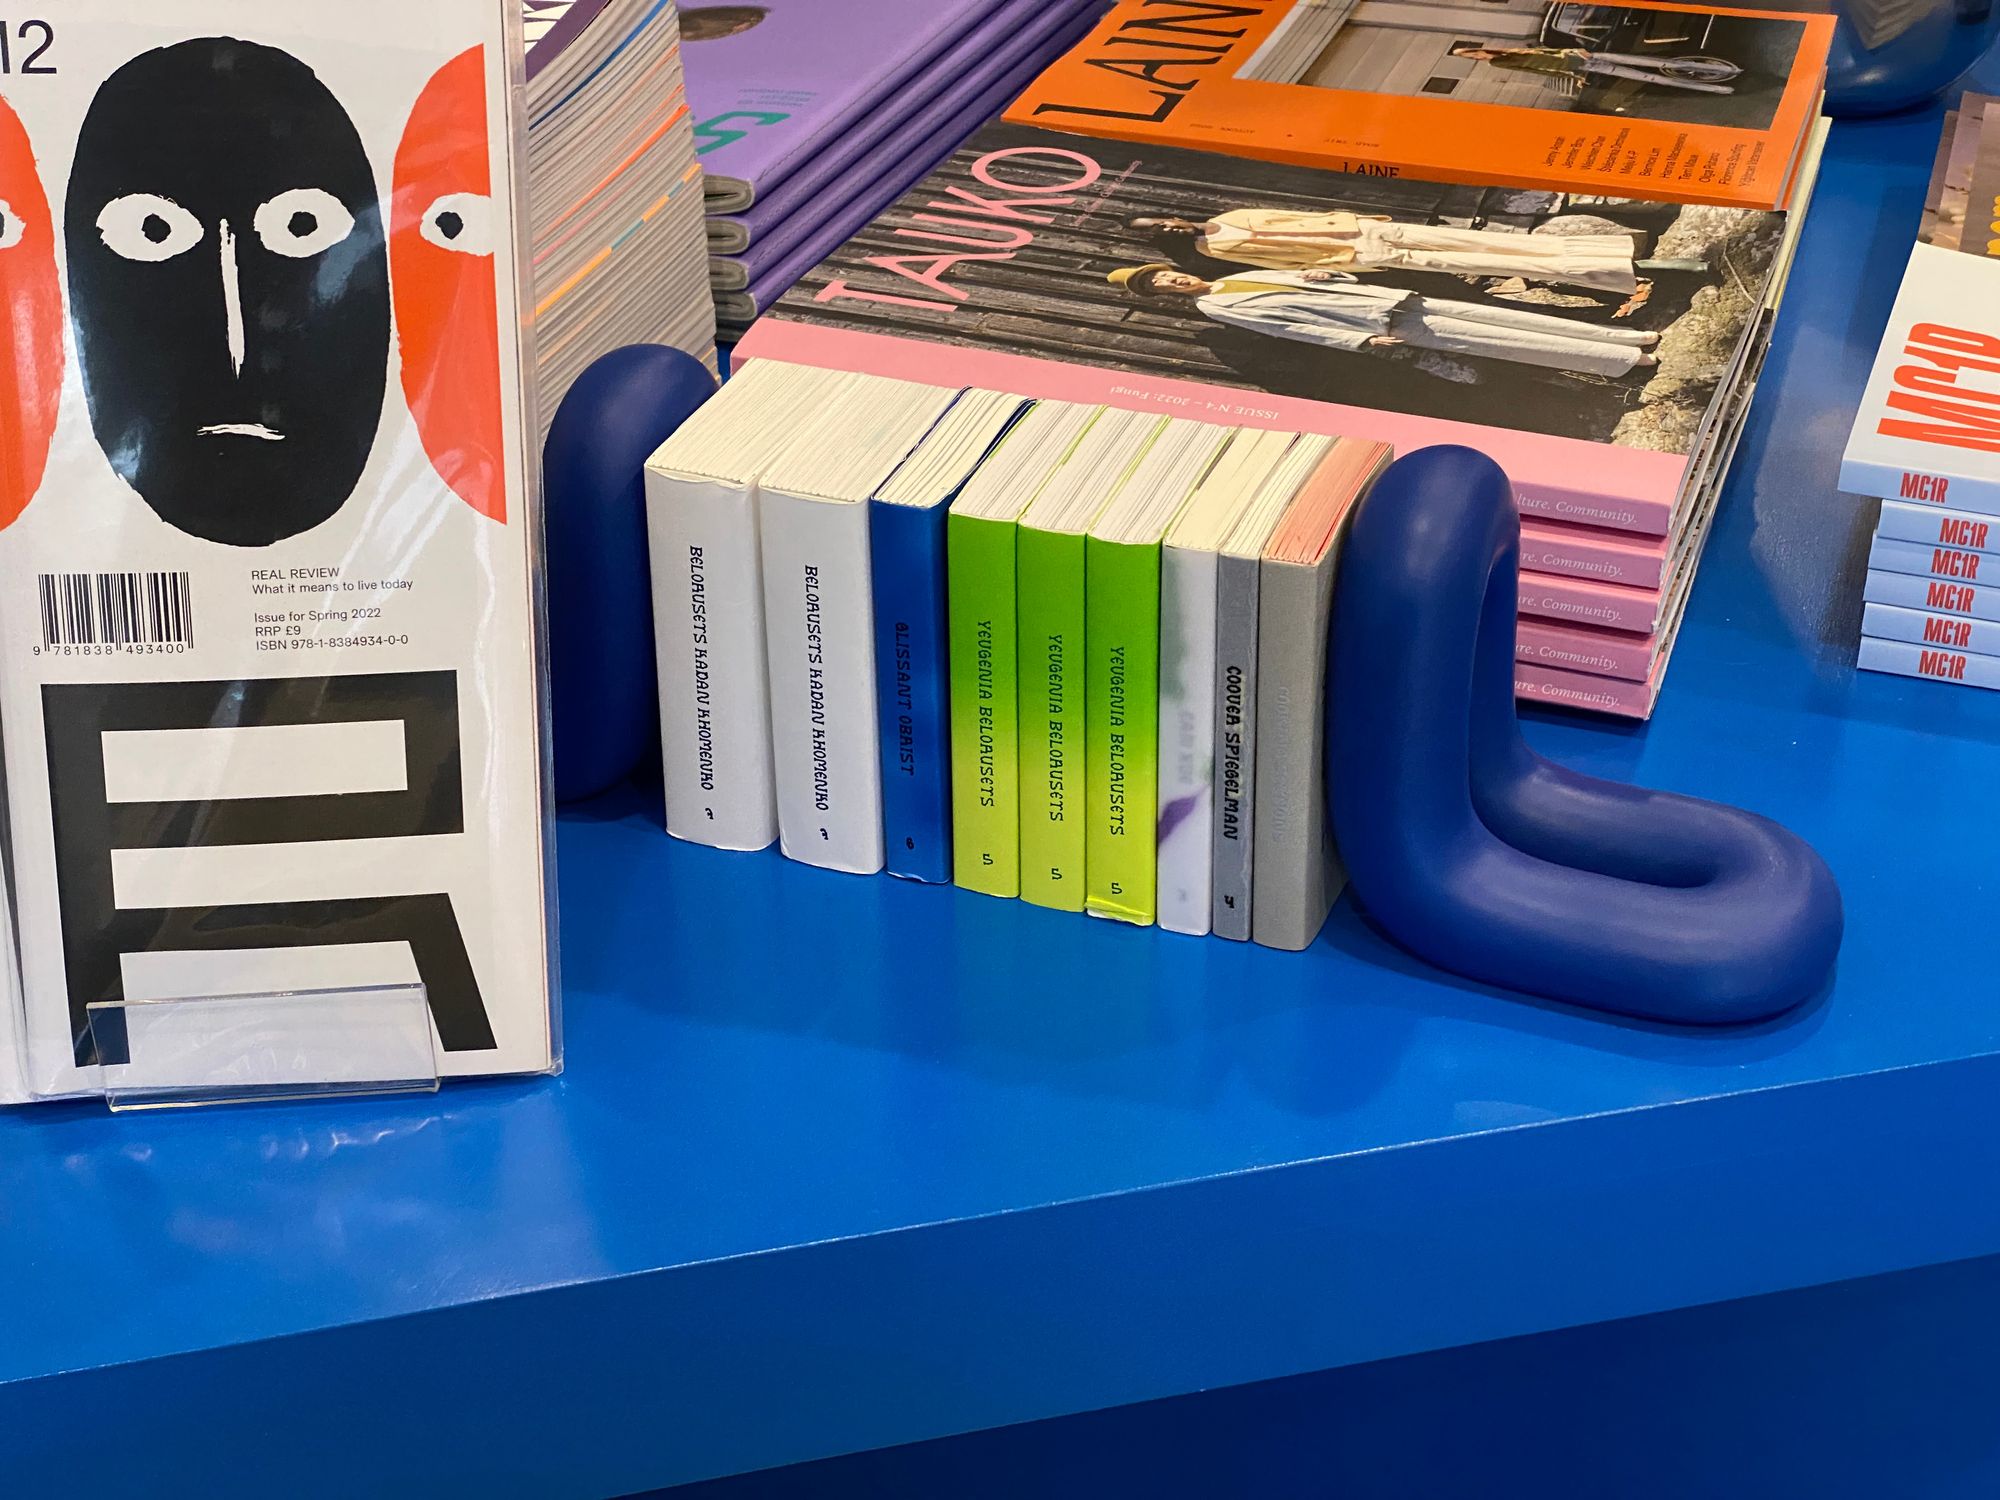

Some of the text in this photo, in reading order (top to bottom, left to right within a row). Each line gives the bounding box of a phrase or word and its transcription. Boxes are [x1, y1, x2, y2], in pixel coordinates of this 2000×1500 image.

[1032, 0, 1272, 122] LAIN
[1698, 169, 1715, 183] Olga
[813, 147, 1101, 312] TAUKO
[1111, 386, 1150, 400] Fungi
[1153, 394, 1191, 406] 2022:
[1234, 408, 1280, 421] ISSUE
[1900, 472, 1949, 503] MC1R
[1517, 493, 1637, 525] lture. Community.
[1939, 518, 1989, 548] MC1R
[251, 568, 339, 581] REAL REVIEW
[1542, 554, 1623, 577] Community.
[1931, 548, 1980, 579] MC1R
[252, 579, 413, 595] What it means to live today
[1926, 582, 1974, 612] MC1R
[254, 608, 381, 623] Issue for Spring 2022
[1542, 598, 1622, 621] Community.
[256, 626, 301, 637] RRP £9
[256, 635, 409, 650] ISBN 978-1-8384934-0-0
[1923, 617, 1971, 647] MC1R
[33, 644, 184, 656] 9 781838 493400
[1540, 647, 1618, 670] Community.
[695, 647, 710, 706] KADAN
[1919, 650, 1966, 680] MC1R
[810, 668, 825, 725] KADAN
[1542, 683, 1620, 707] Community.
[698, 707, 714, 790] KHOMENKO
[813, 728, 829, 811] KHOMENKO
[982, 852, 993, 866] 5
[1051, 867, 1062, 880] 5
[1111, 881, 1122, 895] 5
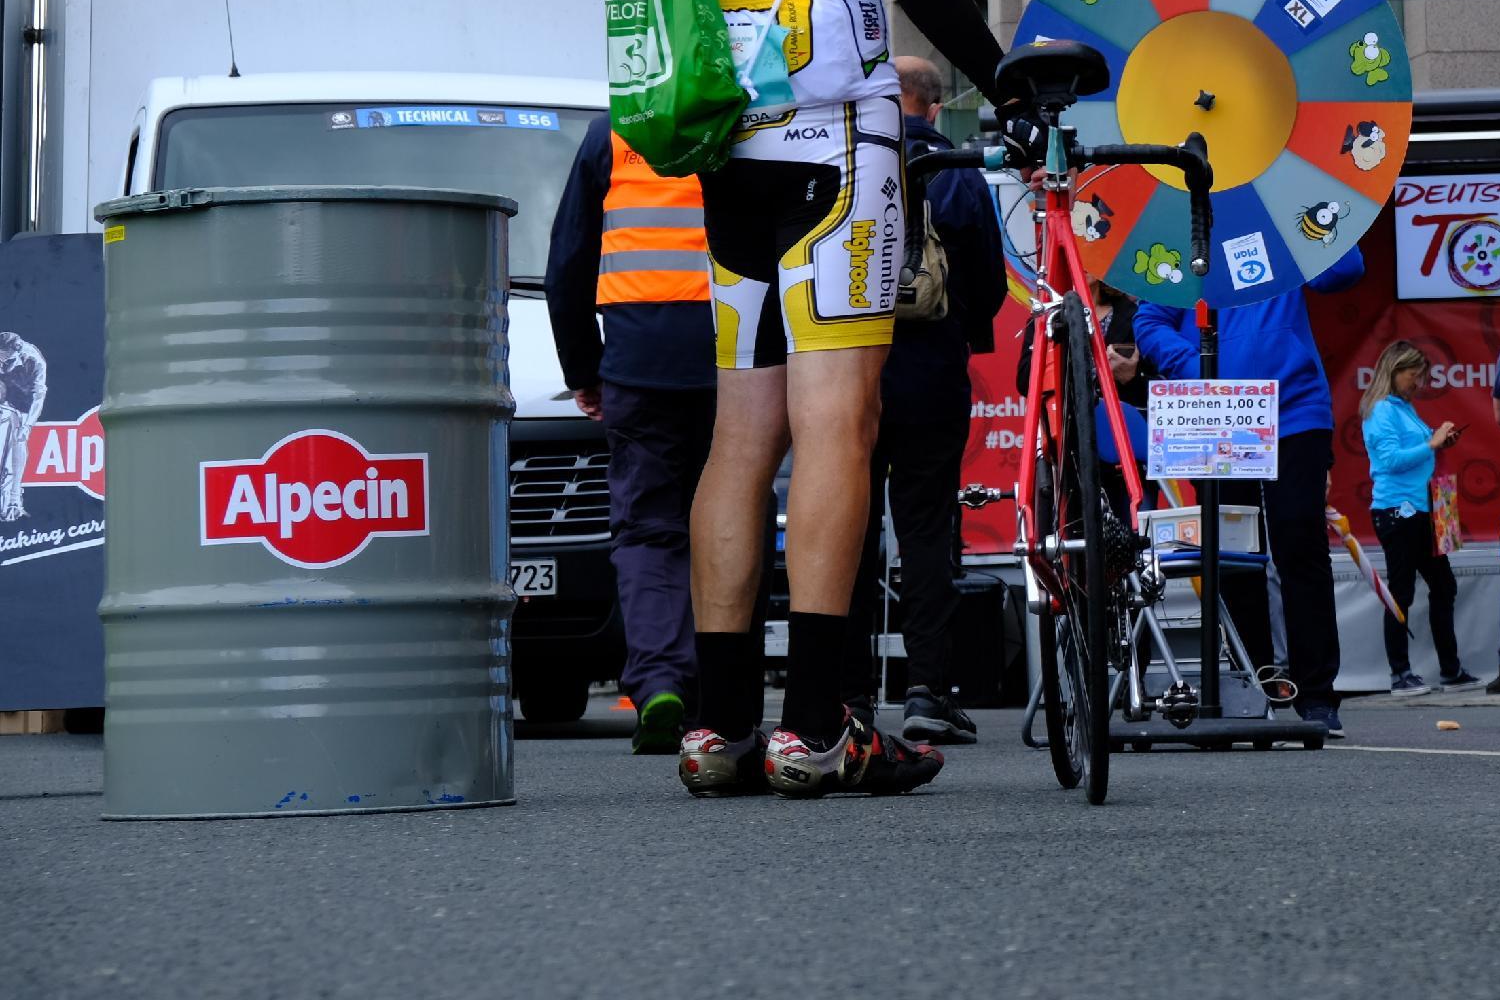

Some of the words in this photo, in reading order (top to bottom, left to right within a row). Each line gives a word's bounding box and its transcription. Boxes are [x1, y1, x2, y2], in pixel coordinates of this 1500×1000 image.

[1288, 0, 1314, 27] XL
[396, 109, 472, 123] TECHNICAL
[517, 114, 552, 127] 556
[783, 127, 830, 142] MOA
[842, 219, 877, 309] highroad
[879, 202, 899, 309] Columbia
[1150, 381, 1276, 396] Glücksrad
[1157, 400, 1163, 410] 1
[1167, 402, 1174, 410] x
[1177, 399, 1221, 409] Drehen
[1225, 398, 1254, 411] 1,00
[1258, 398, 1267, 409] €
[1156, 415, 1163, 426] 6
[1167, 417, 1174, 426] x
[1177, 415, 1221, 426] Drehen
[1225, 415, 1253, 427] 5,00
[1257, 415, 1265, 426] €
[222, 467, 409, 539] Alpecin
[511, 564, 553, 591] 723
____
__What the exercise asks__:
If pictures are present, they are dropped, and the entries above are written out word for word.

__Output for this task__:
Some of the text in this photo, in reading order (top to bottom, left to right within a row). Each line gives the bounding box of a phrase or word and its transcription. Boxes are [x1, y1, x2, y2], in pixel coordinates of this 2000×1500 image.

[1032, 0, 1272, 122] LAIN
[1698, 169, 1715, 183] Olga
[813, 147, 1101, 312] TAUKO
[1111, 386, 1150, 400] Fungi
[1153, 394, 1191, 406] 2022:
[1234, 408, 1280, 421] ISSUE
[1900, 472, 1949, 503] MC1R
[1517, 493, 1637, 525] lture. Community.
[1939, 518, 1989, 548] MC1R
[251, 568, 339, 581] REAL REVIEW
[1542, 554, 1623, 577] Community.
[1931, 548, 1980, 579] MC1R
[252, 579, 413, 595] What it means to live today
[1926, 582, 1974, 612] MC1R
[254, 608, 381, 623] Issue for Spring 2022
[1542, 598, 1622, 621] Community.
[256, 626, 301, 637] RRP £9
[256, 635, 409, 650] ISBN 978-1-8384934-0-0
[1923, 617, 1971, 647] MC1R
[33, 644, 184, 656] 9 781838 493400
[1540, 647, 1618, 670] Community.
[695, 647, 710, 706] KADAN
[1919, 650, 1966, 680] MC1R
[810, 668, 825, 725] KADAN
[1542, 683, 1620, 707] Community.
[698, 707, 714, 790] KHOMENKO
[813, 728, 829, 811] KHOMENKO
[982, 852, 993, 866] 5
[1051, 867, 1062, 880] 5
[1111, 881, 1122, 895] 5

Some of the words in this photo, in reading order (top to bottom, left to right within a row). Each line gives a word's bounding box and its transcription. Boxes are [x1, y1, x2, y2], in pixel coordinates of this 1500×1000 image.

[1288, 0, 1314, 27] XL
[396, 109, 472, 123] TECHNICAL
[517, 114, 552, 127] 556
[783, 127, 830, 142] MOA
[842, 219, 877, 309] highroad
[879, 202, 899, 309] Columbia
[1150, 381, 1276, 396] Glücksrad
[1157, 400, 1163, 410] 1
[1167, 402, 1174, 410] x
[1177, 399, 1221, 409] Drehen
[1225, 398, 1254, 411] 1,00
[1258, 398, 1267, 409] €
[1156, 415, 1163, 426] 6
[1167, 417, 1174, 426] x
[1177, 415, 1221, 426] Drehen
[1225, 415, 1253, 427] 5,00
[1257, 415, 1265, 426] €
[222, 467, 409, 539] Alpecin
[511, 564, 553, 591] 723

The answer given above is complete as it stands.